"Unbreakable" Encryption Almost Certainly Isn't
This headline is provocative: "Human biology inspires 'unbreakable' encryption."
The article is similarly nonsensical:
Researchers at Lancaster University, UK have taken a hint from the way the human lungs and heart constantly communicate with each other, to devise an innovative, highly flexible encryption algorithm that they claim can't be broken using the traditional methods of cyberattack.
Information can be encrypted with an array of different algorithms, but the question of which method is the most secure is far from trivial. Such algorithms need a "key" to encrypt and decrypt information; the algorithms typically generate their keys using a well-known set of rules that can only admit a very large, but nonetheless finite number of possible keys. This means that in principle, given enough time and computing power, prying eyes can always break the code eventually.
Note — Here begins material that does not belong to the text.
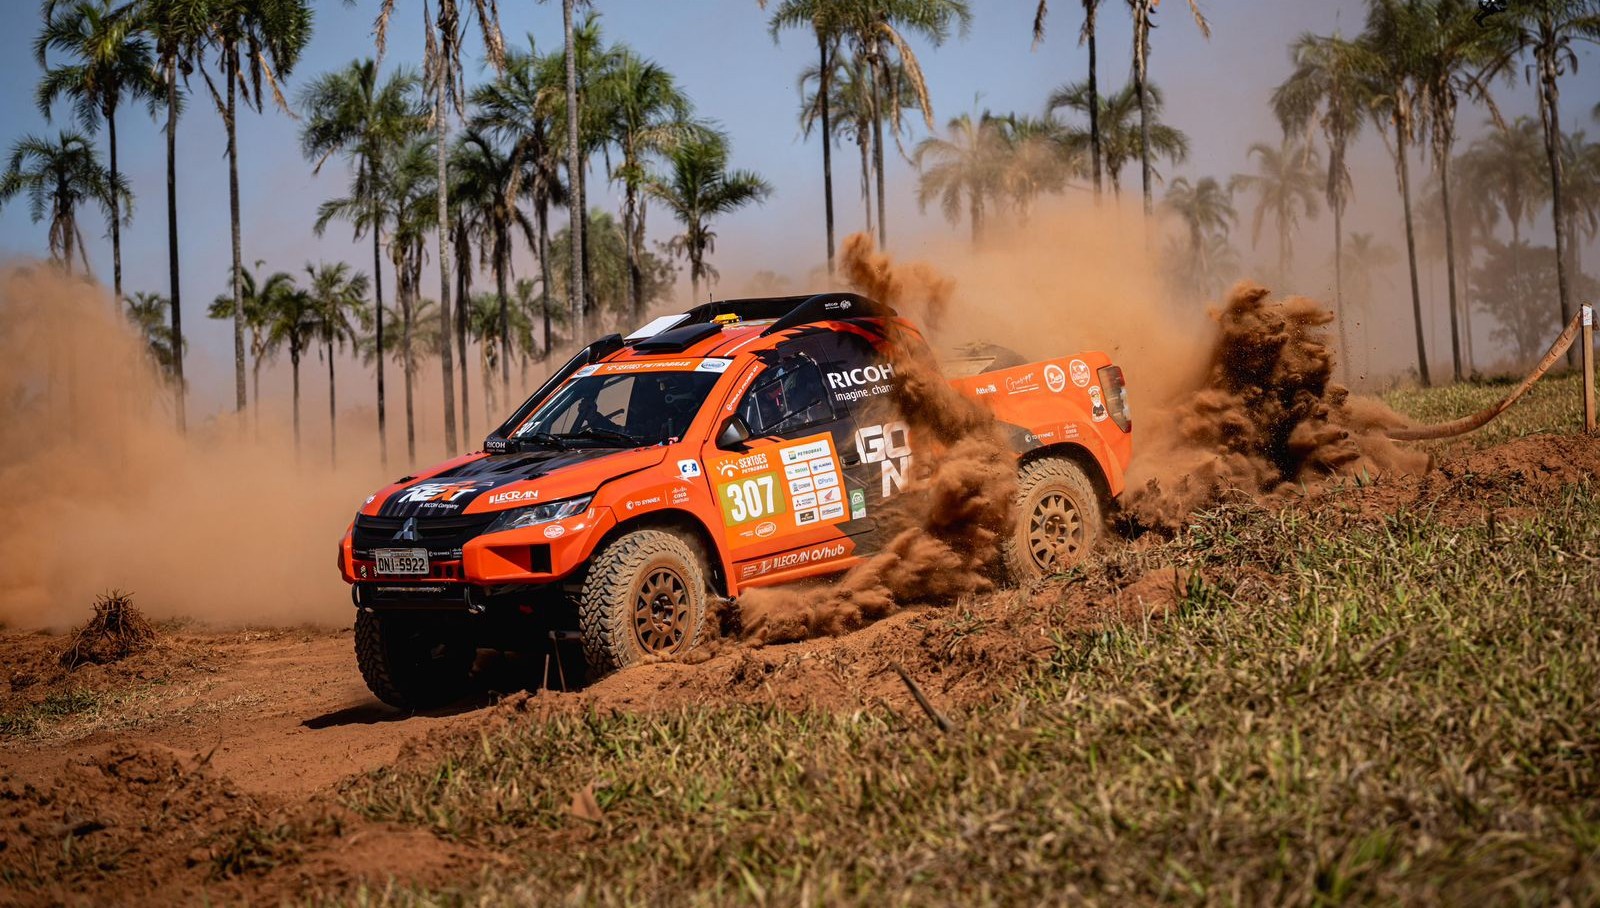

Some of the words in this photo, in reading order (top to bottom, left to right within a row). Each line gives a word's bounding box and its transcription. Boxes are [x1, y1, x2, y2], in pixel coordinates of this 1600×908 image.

The researchers, led by Dr. Tomislav Stankovski, created an encryption mechanism that can generate a truly unlimited number of keys, which they say vastly increases the security of the communication. To do so, they took inspiration from the anatomy of the human body.
Regularly, someone from outside cryptography -- who has no idea how crypto works -- pops up and says "hey, I can solve their problems." Invariably, they make some trivial encryption scheme because they don't know better.
Remember: anyone can create a cryptosystem that he himself cannot break. And this advice from 15 years ago is still relevant.